Loy Krathong is payday for any kid willing to swim after “krathongs,” the floating decorations made of banana stalks or Styrofoam. By the dozens, kids bob in the river’s soupy grayness, little silhouettes waiting for the next 10-baht coin to float past.

Though Lumpini Park and Chulalongkorn University’s ponds get some Loy Krathong action, the best place to witness banditry is the busy Saphan Taksin pier.
The bandits there leave little money for the river goddess. They furiously snatch up krathongs, fingers rifling through orchids, sparklers and bits of ceremonially clipped hair or fingernails –- all to find one or two coins.
The boys are comically shameless, frisking krathongs for money seconds after they’re set afloat. Sometimes teenagers impatiently yank them from people who’re knelt in prayer.
One night’s haul can bring in as much as 3,000 baht -- about half a month’s pay for a menial Bangkok job.
Spoiling the moodLoy Krathong is timed to fall on a full moon night, according to the ceremonial Thai lunar calendar. Beyond the festival’s twin themes of penance and respect for water, it’s an evening of stirring visuals. Many come just to see the river glowing amber with thousands of candles, each representing a person’s hurt or shame, each drifting gently towards the horizon.
By snatching up krathongs and snuffing out candles, the bandits definitely sap the light from this spectacle. Some also run a side business of re-selling used krathongs to new arrivals.

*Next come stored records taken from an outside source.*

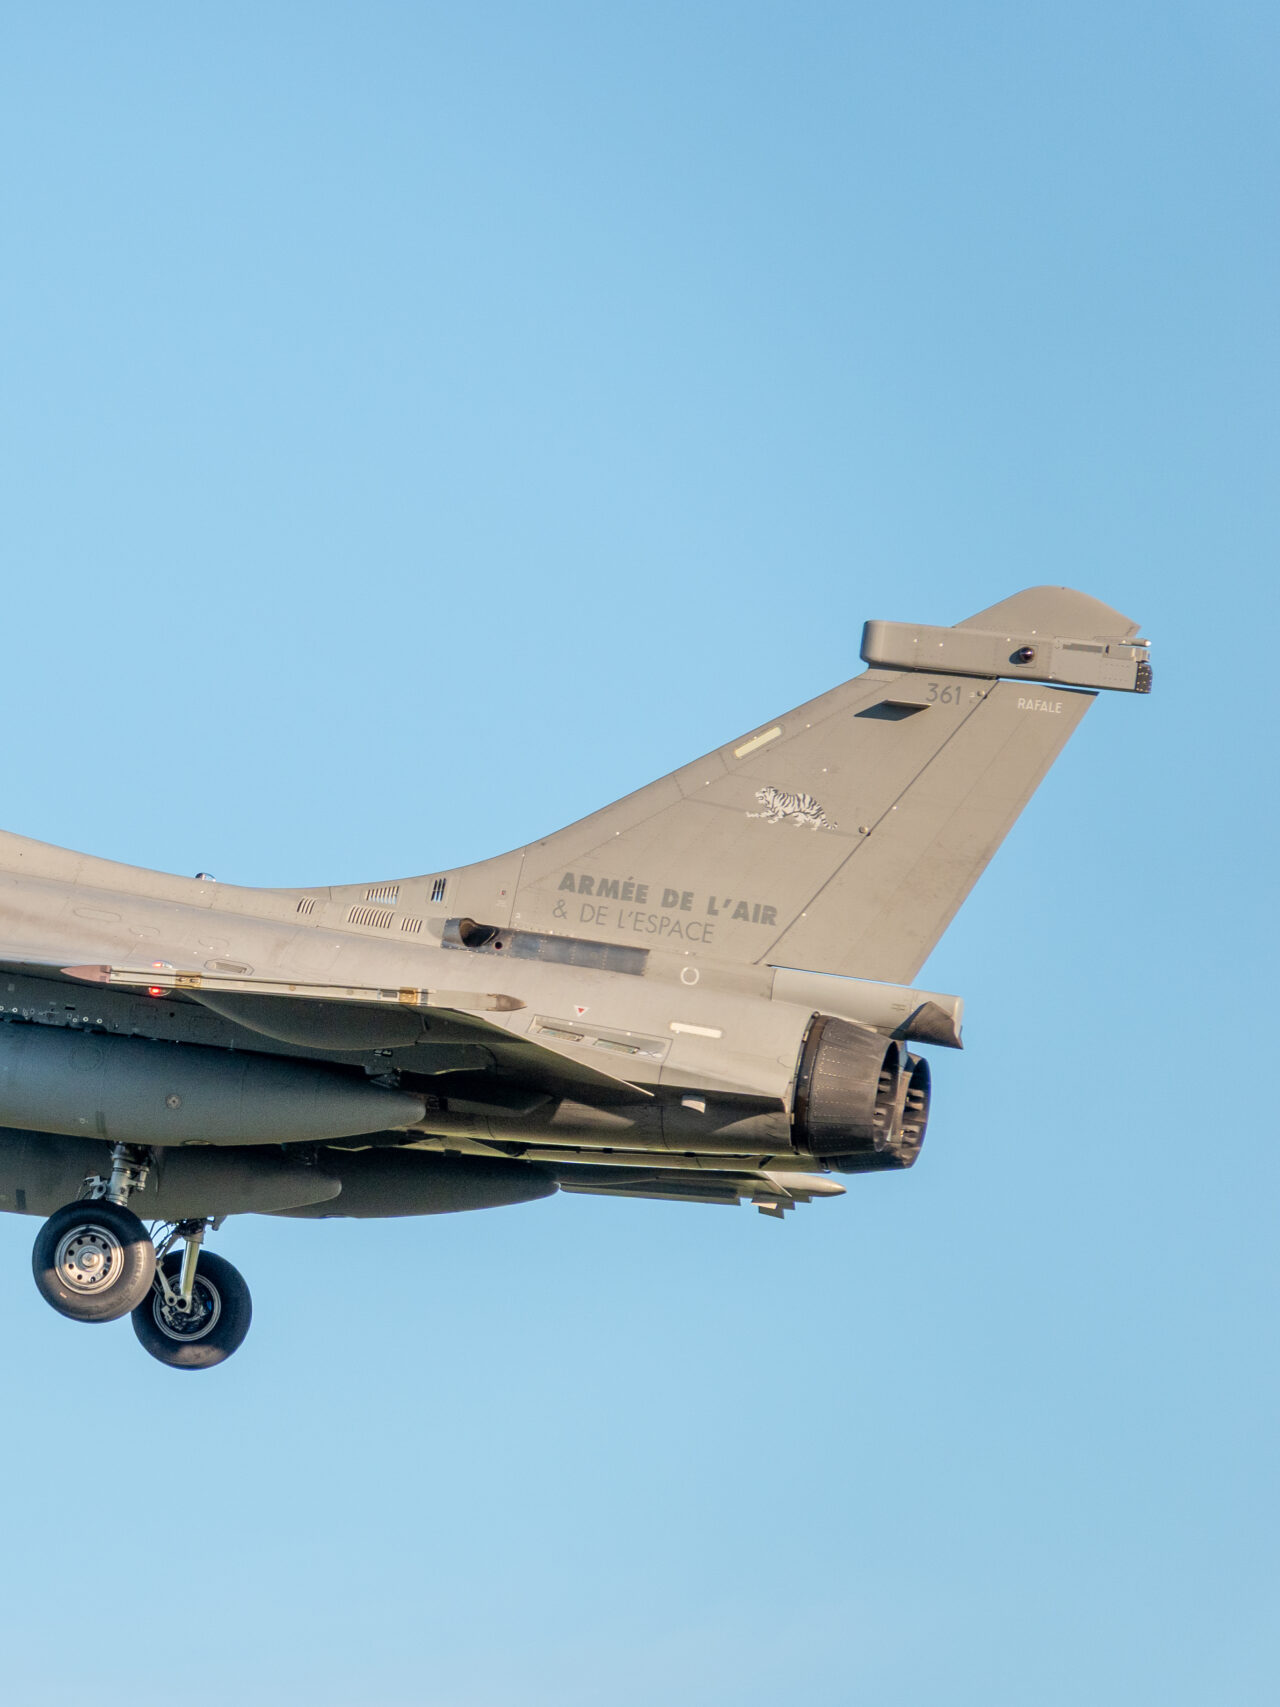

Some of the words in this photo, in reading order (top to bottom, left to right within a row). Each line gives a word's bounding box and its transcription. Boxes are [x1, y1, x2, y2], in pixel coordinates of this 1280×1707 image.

[925, 682, 962, 706] 361
[1017, 697, 1063, 714] RAFALE
[558, 871, 649, 904] ARMÉE
[660, 888, 694, 912] DE
[552, 899, 568, 920] &
[579, 903, 609, 926] DE
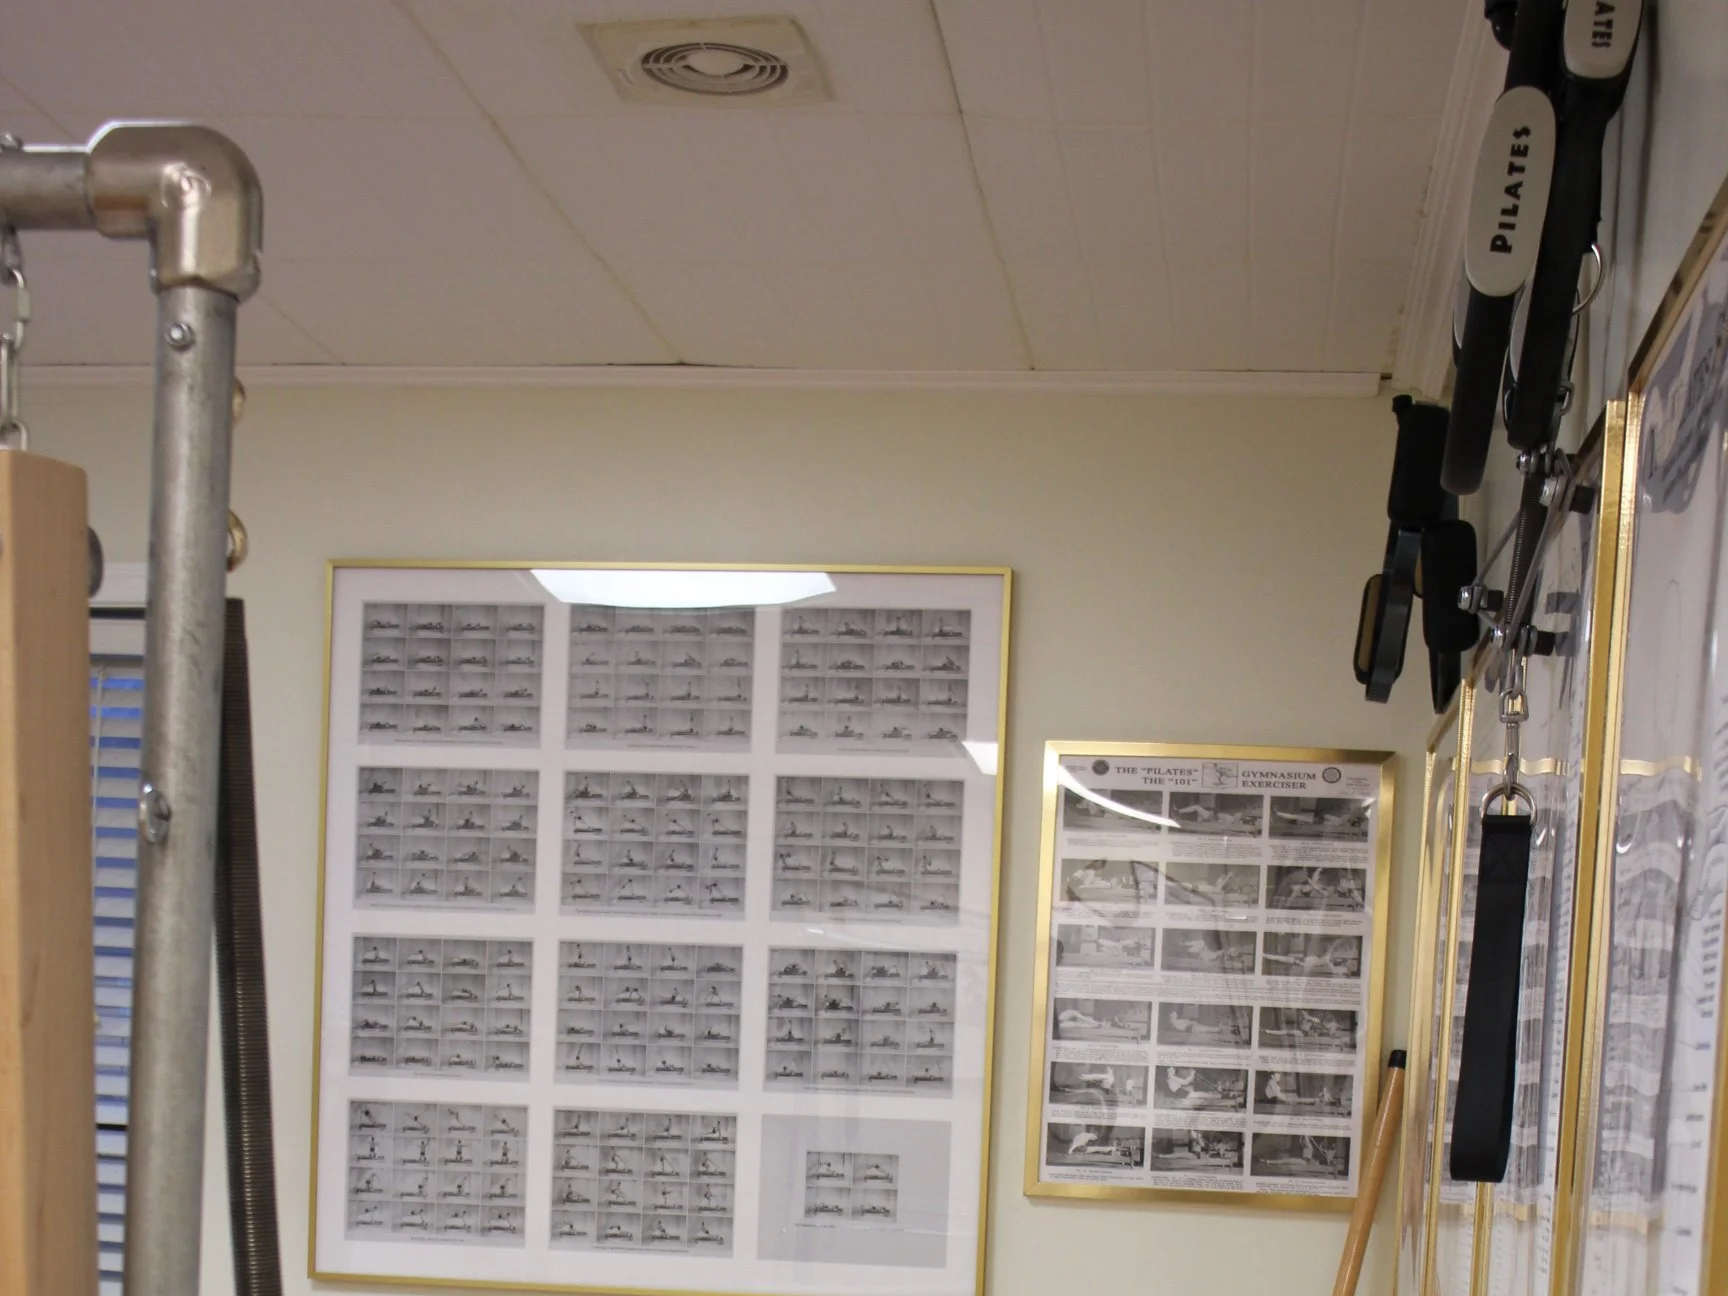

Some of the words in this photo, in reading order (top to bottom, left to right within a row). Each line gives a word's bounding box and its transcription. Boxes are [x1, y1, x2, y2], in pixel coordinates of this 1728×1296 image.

[1489, 125, 1532, 254] PILATES
[1115, 766, 1138, 775] THE
[1241, 770, 1317, 781] GYMNASIUM
[1143, 777, 1165, 786] THE
[1241, 780, 1307, 790] EXERCISER

But the kids hardly qualify as Loy Krathong’s biggest bummer. That would be all the candle bits, Styrofoam crumbs and other debris seen floating in the Chao Praya the next day. Bangkok city workers sometimes collect as many as one million krathongs from the water.
Raiding krathongs is definitely considered bad form. Each year, merrymakers grimace as their delicately arranged offerings are manhandled in plain view.
But the bandits’ Loy Krathong loot is hardly unearned. The bandits dive and splash in water known for absorbing untreated sewage and the nasty stuff from dead animals. So perhaps it’s fitting that bandits rely on the river goddess for a quick and dirty payday. Apparently she’s not so pure herself.